Jennifer Payne offered a written testimony to the committee to explain how a RDAC could help those in the rare disease community in the future:
Dear Chair Griffith and Members of the Senate Finance Committee,
My name is Jennifer Payne, and I am a constituent of District 12. As an ambassador for the greater Maryland rare disease community, I thank you for the opportunity to submit my testimony in support of SB 188. Not only it is a critical imperative for Maryland leadership to engage – as partners with rare disease patients, for shaping policy development relevant to the unmet needs and concerns on equitable, quality, and affordable access to specialty treatment, but it is a moral imperative to identify and eliminate the inappropriate and discriminatory barriers preventing individuals diagnosed in the State of Maryland from obtaining the continuity and quality of care across all stages of life.
Every baby born in the United States is screened for the early identification of phenylketonuria (PKU) to prevent severe disability. Hence, this is my story, being among the first diagnosed with PKU (1973) in the early days of Maryland’s newborn screening program. And, 50 years later (as 2023 marks my milestone birthday), I can tell you I have been a lifelong, proactive champion on medical nutrition equity for inclusion on the whole health equation – to the level of the courts. My whole health, mentally, physically, and spiritually has been sacrificed at the expense of having (and continuously fighting) single handedly – over the last seven years and ongoing – for ending discriminatory provision of health care services by insurers using PKU – and my age – as arbitrary and exclusionary criteria prohibiting access and coverage on the treatment I need to survive and thrive – even into adulthood.

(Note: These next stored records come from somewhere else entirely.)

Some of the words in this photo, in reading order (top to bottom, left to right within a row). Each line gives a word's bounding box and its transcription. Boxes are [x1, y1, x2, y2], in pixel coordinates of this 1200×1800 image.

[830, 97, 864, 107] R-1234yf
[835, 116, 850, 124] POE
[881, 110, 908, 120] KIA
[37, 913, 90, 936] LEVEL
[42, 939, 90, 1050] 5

My PKU story of prevention has become a story of social injustice and discrimination. I am not alone. Many in the rare disease community share such common struggles and obstacles that are often 100% preventable and socially unjustifiable, and result in unnecessary suffering and disease progression. I wholeheartedly welcome support for the establishment of a RDAC to serve as a health advocate for all Marylanders, like myself, in need of representation and a special conduit to amplify vulnerable voices in health matters that have direct, and more often than not, negative implications and risk.

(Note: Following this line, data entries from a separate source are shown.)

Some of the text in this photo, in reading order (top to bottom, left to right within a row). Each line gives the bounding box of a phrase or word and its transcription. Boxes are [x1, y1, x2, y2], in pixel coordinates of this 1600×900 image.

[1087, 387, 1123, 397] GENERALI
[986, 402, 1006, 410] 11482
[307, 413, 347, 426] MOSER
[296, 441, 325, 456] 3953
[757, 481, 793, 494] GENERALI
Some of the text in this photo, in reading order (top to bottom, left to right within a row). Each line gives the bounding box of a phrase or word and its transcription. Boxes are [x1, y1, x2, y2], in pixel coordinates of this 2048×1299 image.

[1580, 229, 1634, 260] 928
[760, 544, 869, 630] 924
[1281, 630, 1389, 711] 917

Now is the time for us all to partner and be change ambassadors in this cultural shift that embraces diversity, equity, inclusion, and accessibility in the ways we live and the ways we care – for rare disease as part of the whole health equation. We must ensure the necessary improvements to Maryland’s life saving newborn screening program stay strong. We must educate, as I have done with University of Maryland medical students – the future doctors of America – to think out of the box and equip them, the greater public, and all stakeholders – with the requisite tools to recognize, diagnose, facilitate, and optimize treatment specific to rare diseases. We can establish a published list or compendia to allow for transparency, accessibility, and education in the process.
Knowledge is power, and patients are often the experts in their own rare diseases. Will you listen? We need novel reimbursement payment models that allow coverage for specialty treatment accordingly – and equitably – and with inclusion keeping pace with innovative technology platforms. Rare disease patients only ask for a fair shake of such readily available resources, not to be targets as demonstrated by my example.
The RDAC serves to empower rare disease patients as partners – from the point of the research bench (informing future studies), to diagnoses, to getting the treatment into the hands of those that need it most and at the right time – for life. Until there is a cure, for change ambassadors and partners with RDAC, the story, as with my PKU story, does not end at diagnosis.